WKÖ warnt vor irreführenden Zusendungen mit Zahlschein

28. März 2012 Drucken

Zusendungen mit Zahlungsaufforderungen für Eintragungen in diverse Verzeichnisse und Firmenregister haben nach wie vor Hochkonjunktur. Die Wirtschaftskammer Österreich berichtet, dass zahlreiche Unternehmen in der letzten Zeit Zusendungen unter dem Titel „Zentrales Firmenregister – Industrie- und Handelsveröffentlichungen“ von einer „ZFR Datenverwaltung“ erhalten haben, denen ein Zahlschein über ca. 530,00 Euro beigelegt ist. Es handelt sich dabei nicht um […]

Zusendungen mit Zahlungsaufforderungen für Eintragungen in diverse Verzeichnisse und Firmenregister haben nach wie vor Hochkonjunktur. Die Wirtschaftskammer Österreich berichtet, dass zahlreiche Unternehmen in der letzten Zeit Zusendungen unter dem Titel „Zentrales Firmenregister – Industrie- und Handelsveröffentlichungen“ von einer „ZFR Datenverwaltung“ erhalten haben, denen ein Zahlschein über ca. 530,00 Euro beigelegt ist. Es handelt sich dabei nicht um eine offizielle Vorschreibung des Firmenbuchgerichts für die Eintragung im Firmenbuch.
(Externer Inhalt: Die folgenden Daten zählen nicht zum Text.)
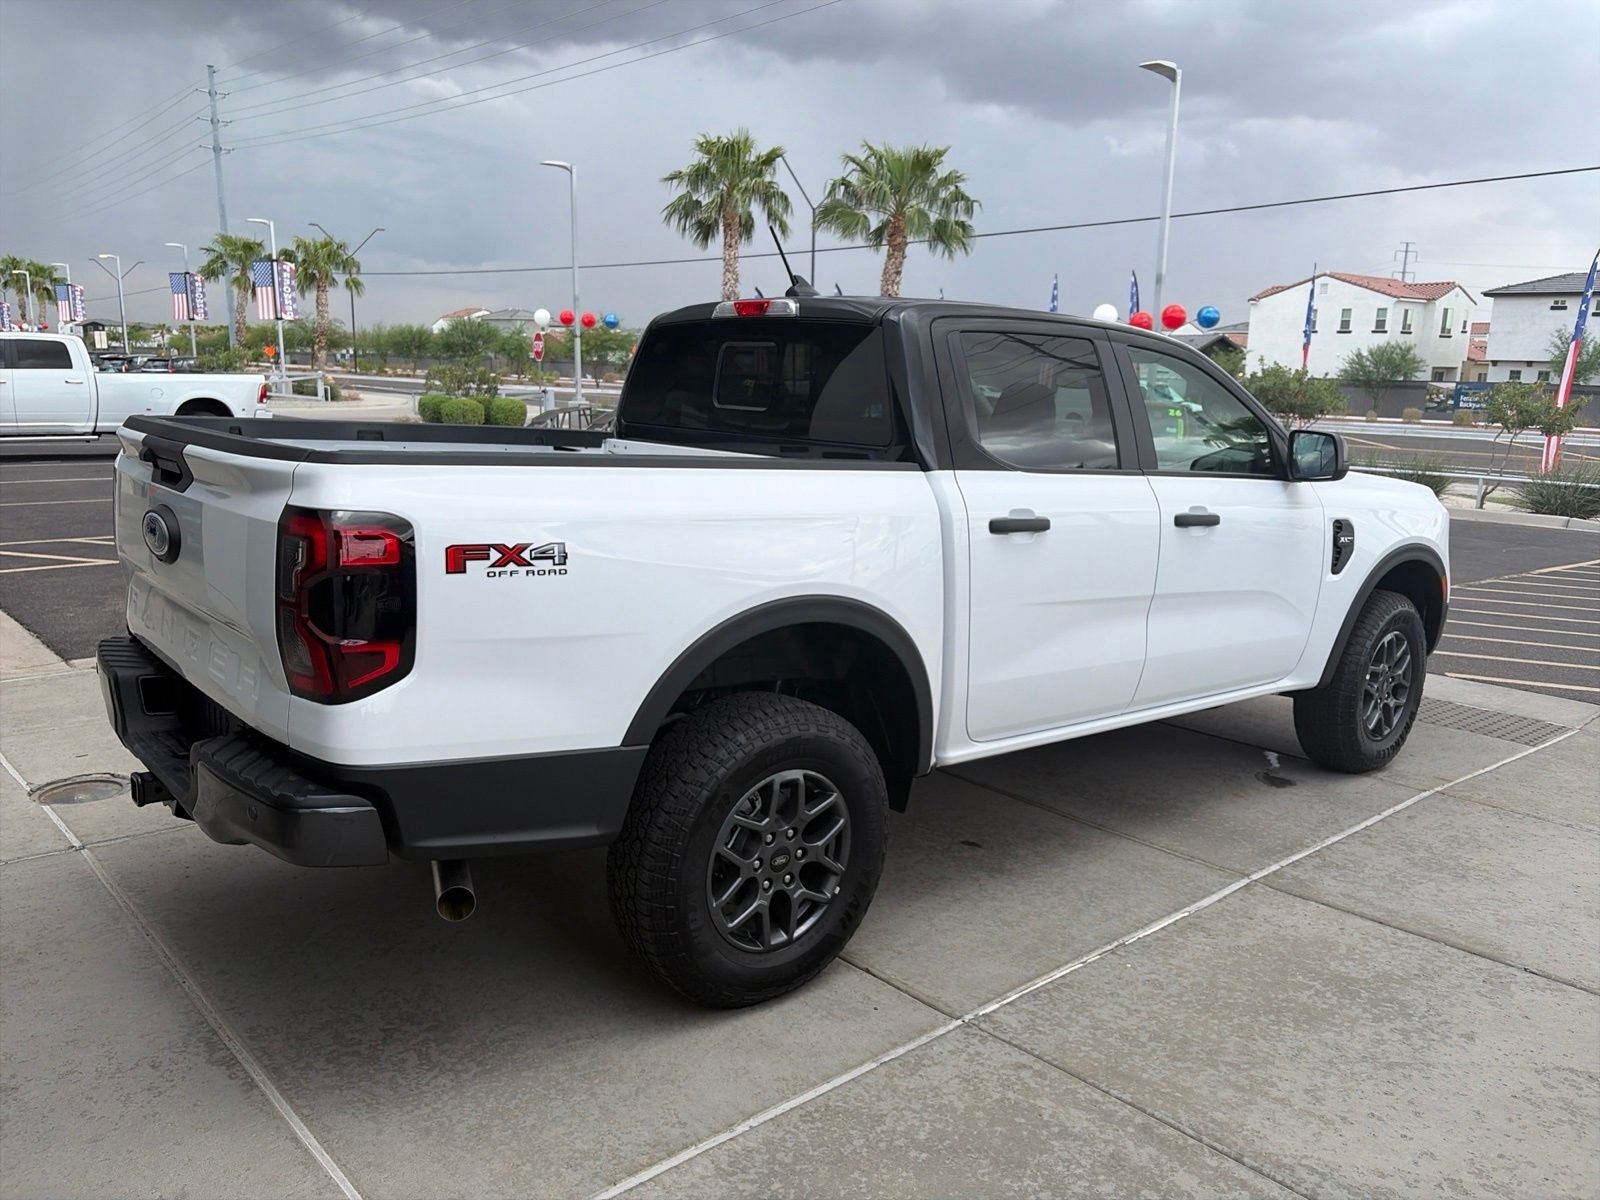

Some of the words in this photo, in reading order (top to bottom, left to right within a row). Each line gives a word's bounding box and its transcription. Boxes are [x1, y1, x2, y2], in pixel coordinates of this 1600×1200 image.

[445, 542, 568, 575] FX4
[486, 569, 519, 578] OFF
[526, 568, 568, 577] ROAD
Es ist bei diesen Zusendungen nicht erkennbar, wer dahinter steht. Neben den Zusendungen unter Anschluss eines Zahlscheines gibt es aber immer wieder auch Schreiben für Eintragungen in diverse Verzeichnisse und Register, die den Eindruck eines schon bestehenden Vertragsverhältnisses vermitteln und in denen um Prüfung und  Korrektur bereits vorgegebener Unternehmensdaten ersucht wird. Ein Beispiel dafür sind Zusendungen unter dem  (gelb unterlegten) Titel „Branchenbuch“ unter Anführung z.B. eines Bundeslandes für Veröffentlichungen in einem Online-Register mit der Bezeichnung „Gewerbeanzeiger“.  Die monatlichen Kosten betragen 69,00 Euro, wobei die Mindestvertragslaufzeit 2 Jahre betragen würde.
Der Schutzverband gegen unlauteren Wettbewerb www.schutzverband.at ist in diesen beiden und vielen anderen Fällen bereits aktiv.

Starke Zunahme
Generell mahnt die Wirtschaftkammer Österreich zur Vorsicht im Hinblick auf eine in jüngster Zeit massiv zunehmende Zahl von irreführenden Zusendungen, die erst  bei genauer Betrachtung als Angebot erkannt werden können, dessen Annahme eine Kostenpflicht auslöst.
Die WKÖ ruft daher auf, jegliche Zusendungen betreffend die Eintragung in diverse Register und Verzeichnisse genau zu prüfen bzw. einlangende Formulare jedenfalls nicht ungeprüft auszufüllen und zu retournieren und rät folgendes:
• Nicht ohne vorhergehende Abklärung zahlen!
• Nichts unterschreiben oder zur Einzahlung bringen, was nicht eindeutig zugeordnet werden kann.
• Unbekannten Werbe- oder Eintragungsangeboten von vornherein kritisch gegenüberstehen, auch wenn mit karitativen oder im öffentlichen Interesse liegenden Anliegen geworben oder eine Verbindung zu diesen hergestellt wird.
• Kostenpflichtige und verbindliche Einschaltungen – sogenannte „Pflichteinschaltungen“, die das Firmenbuch (früher: Handelsregister) betreffen, – gibt es nur im Amtsblatt zur Wiener Zeitung. Die Wiener Zeitung schreibt die Gebühr selbst vor.
• Für nicht im Firmenbuch eingetragene Unternehmen gibt es im Allgemeinen keine entgeltlichen Pflichteintragungen in Zeitungen und dergleichen – sieht man von Verwaltungsgebühren etwa für die Eintragung in das Gewerberegister ab.
• Dienstnehmer laufend anweisen, keine Überweisungen oder Unterschriften zu tätigen, wenn sie den Geschäftsfall nicht eindeutig zuordnen können.